----- Data excerpts
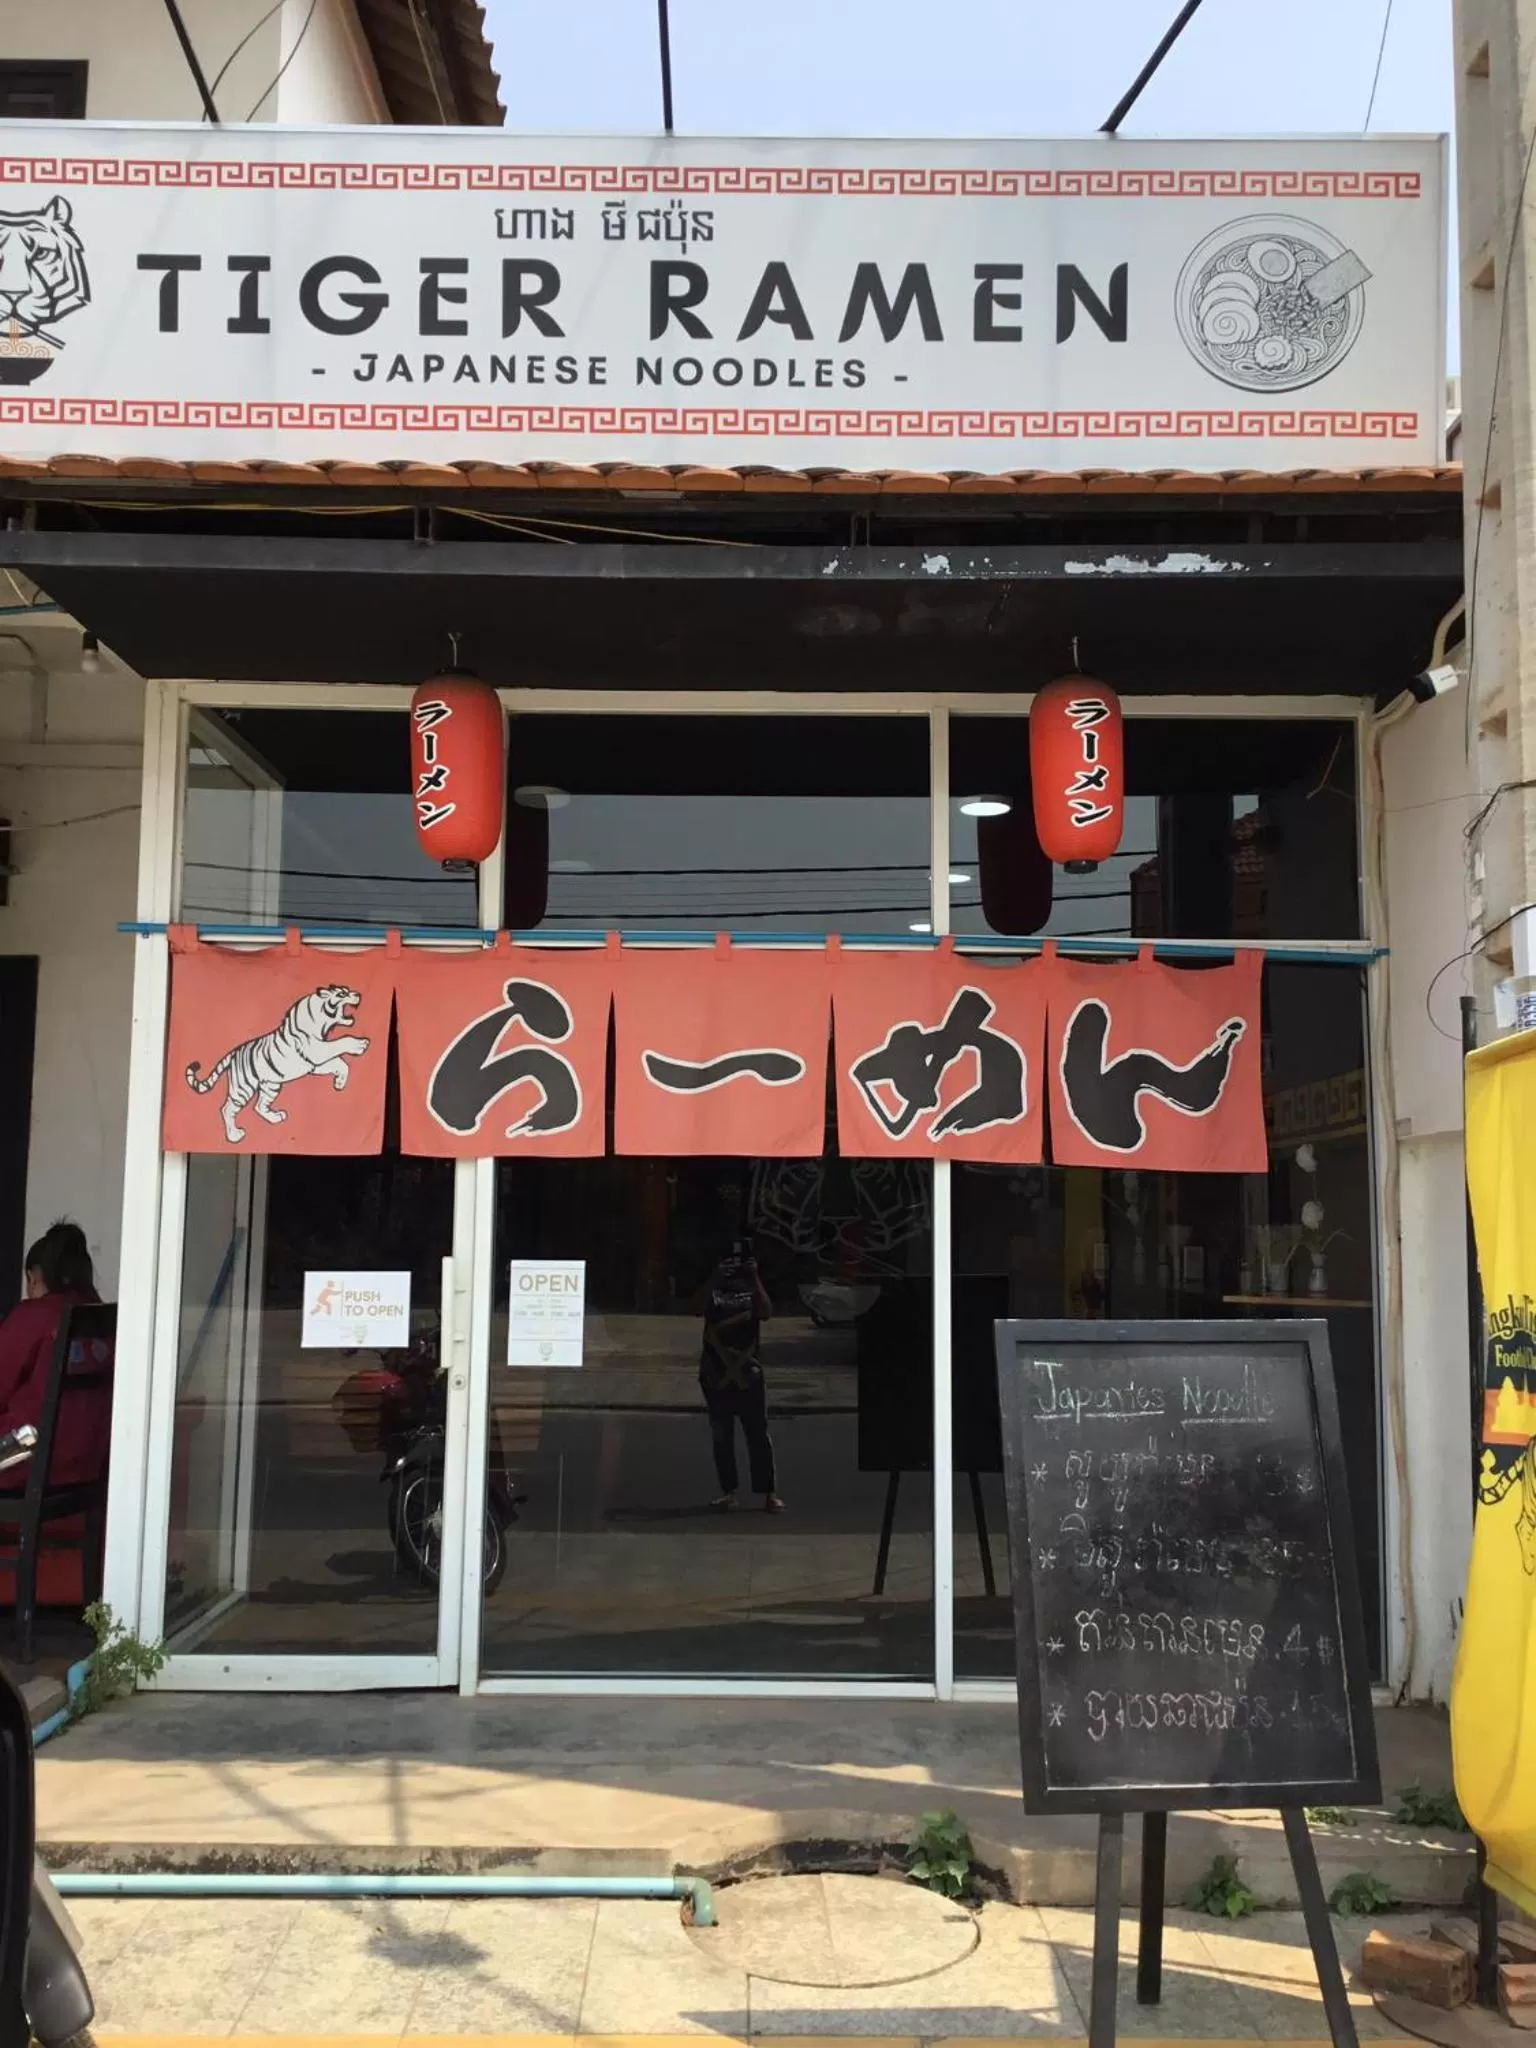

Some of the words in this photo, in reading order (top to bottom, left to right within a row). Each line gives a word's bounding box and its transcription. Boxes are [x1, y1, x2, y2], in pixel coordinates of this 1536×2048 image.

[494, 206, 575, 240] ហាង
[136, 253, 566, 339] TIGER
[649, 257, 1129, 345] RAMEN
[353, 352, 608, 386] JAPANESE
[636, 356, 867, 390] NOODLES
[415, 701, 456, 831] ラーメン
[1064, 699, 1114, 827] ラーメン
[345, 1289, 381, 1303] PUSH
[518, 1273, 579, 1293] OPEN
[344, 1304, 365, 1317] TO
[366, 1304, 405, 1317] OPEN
----------
» **The problem**
All that's required is the material above repeated exactly, minus any picture.

» **Result**
Some of the words in this photo, in reading order (top to bottom, left to right within a row). Each line gives a word's bounding box and its transcription. Boxes are [x1, y1, x2, y2], in pixel coordinates of this 1536×2048 image.

[494, 206, 575, 240] ហាង
[136, 253, 566, 339] TIGER
[649, 257, 1129, 345] RAMEN
[353, 352, 608, 386] JAPANESE
[636, 356, 867, 390] NOODLES
[415, 701, 456, 831] ラーメン
[1064, 699, 1114, 827] ラーメン
[345, 1289, 381, 1303] PUSH
[518, 1273, 579, 1293] OPEN
[344, 1304, 365, 1317] TO
[366, 1304, 405, 1317] OPEN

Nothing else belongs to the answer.